Write out the records below once more, exactly as they stand.

Available data:
□ □ □ □ □
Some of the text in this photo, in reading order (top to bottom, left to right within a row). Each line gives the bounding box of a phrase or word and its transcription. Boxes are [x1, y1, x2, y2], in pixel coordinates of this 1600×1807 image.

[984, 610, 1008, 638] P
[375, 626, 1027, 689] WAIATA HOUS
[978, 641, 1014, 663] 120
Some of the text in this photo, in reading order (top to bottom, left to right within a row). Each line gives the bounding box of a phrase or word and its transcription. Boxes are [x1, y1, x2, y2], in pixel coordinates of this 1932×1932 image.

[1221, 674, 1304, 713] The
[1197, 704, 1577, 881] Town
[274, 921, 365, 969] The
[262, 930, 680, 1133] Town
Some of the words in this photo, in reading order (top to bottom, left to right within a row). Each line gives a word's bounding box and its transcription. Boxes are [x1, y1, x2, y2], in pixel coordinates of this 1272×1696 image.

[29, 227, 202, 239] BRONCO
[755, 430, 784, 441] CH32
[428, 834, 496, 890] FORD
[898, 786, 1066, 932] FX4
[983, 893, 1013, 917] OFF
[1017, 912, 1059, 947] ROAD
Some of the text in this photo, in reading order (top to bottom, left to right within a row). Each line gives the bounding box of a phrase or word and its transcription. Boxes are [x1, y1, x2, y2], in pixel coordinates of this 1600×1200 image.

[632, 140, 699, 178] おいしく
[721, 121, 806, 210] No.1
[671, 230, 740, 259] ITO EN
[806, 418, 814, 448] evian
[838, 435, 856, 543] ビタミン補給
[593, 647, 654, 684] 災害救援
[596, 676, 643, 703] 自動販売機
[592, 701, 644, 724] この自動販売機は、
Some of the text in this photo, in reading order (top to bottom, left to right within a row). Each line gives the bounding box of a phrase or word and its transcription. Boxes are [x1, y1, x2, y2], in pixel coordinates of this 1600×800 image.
□ □ □ □ □
Output for this exercise:
Some of the text in this photo, in reading order (top to bottom, left to right within a row). Each line gives the bounding box of a phrase or word and its transcription. Boxes are [x1, y1, x2, y2], in pixel coordinates of this 1600×1807 image.

[984, 610, 1008, 638] P
[375, 626, 1027, 689] WAIATA HOUS
[978, 641, 1014, 663] 120
Some of the text in this photo, in reading order (top to bottom, left to right within a row). Each line gives the bounding box of a phrase or word and its transcription. Boxes are [x1, y1, x2, y2], in pixel coordinates of this 1932×1932 image.

[1221, 674, 1304, 713] The
[1197, 704, 1577, 881] Town
[274, 921, 365, 969] The
[262, 930, 680, 1133] Town
Some of the words in this photo, in reading order (top to bottom, left to right within a row). Each line gives a word's bounding box and its transcription. Boxes are [x1, y1, x2, y2], in pixel coordinates of this 1272×1696 image.

[29, 227, 202, 239] BRONCO
[755, 430, 784, 441] CH32
[428, 834, 496, 890] FORD
[898, 786, 1066, 932] FX4
[983, 893, 1013, 917] OFF
[1017, 912, 1059, 947] ROAD
Some of the text in this photo, in reading order (top to bottom, left to right within a row). Each line gives the bounding box of a phrase or word and its transcription. Boxes are [x1, y1, x2, y2], in pixel coordinates of this 1600×1200 image.

[632, 140, 699, 178] おいしく
[721, 121, 806, 210] No.1
[671, 230, 740, 259] ITO EN
[806, 418, 814, 448] evian
[838, 435, 856, 543] ビタミン補給
[593, 647, 654, 684] 災害救援
[596, 676, 643, 703] 自動販売機
[592, 701, 644, 724] この自動販売機は、
Some of the text in this photo, in reading order (top to bottom, left to right within a row). Each line gives the bounding box of a phrase or word and its transcription. Boxes are [x1, y1, x2, y2], in pixel coordinates of this 1600×800 image.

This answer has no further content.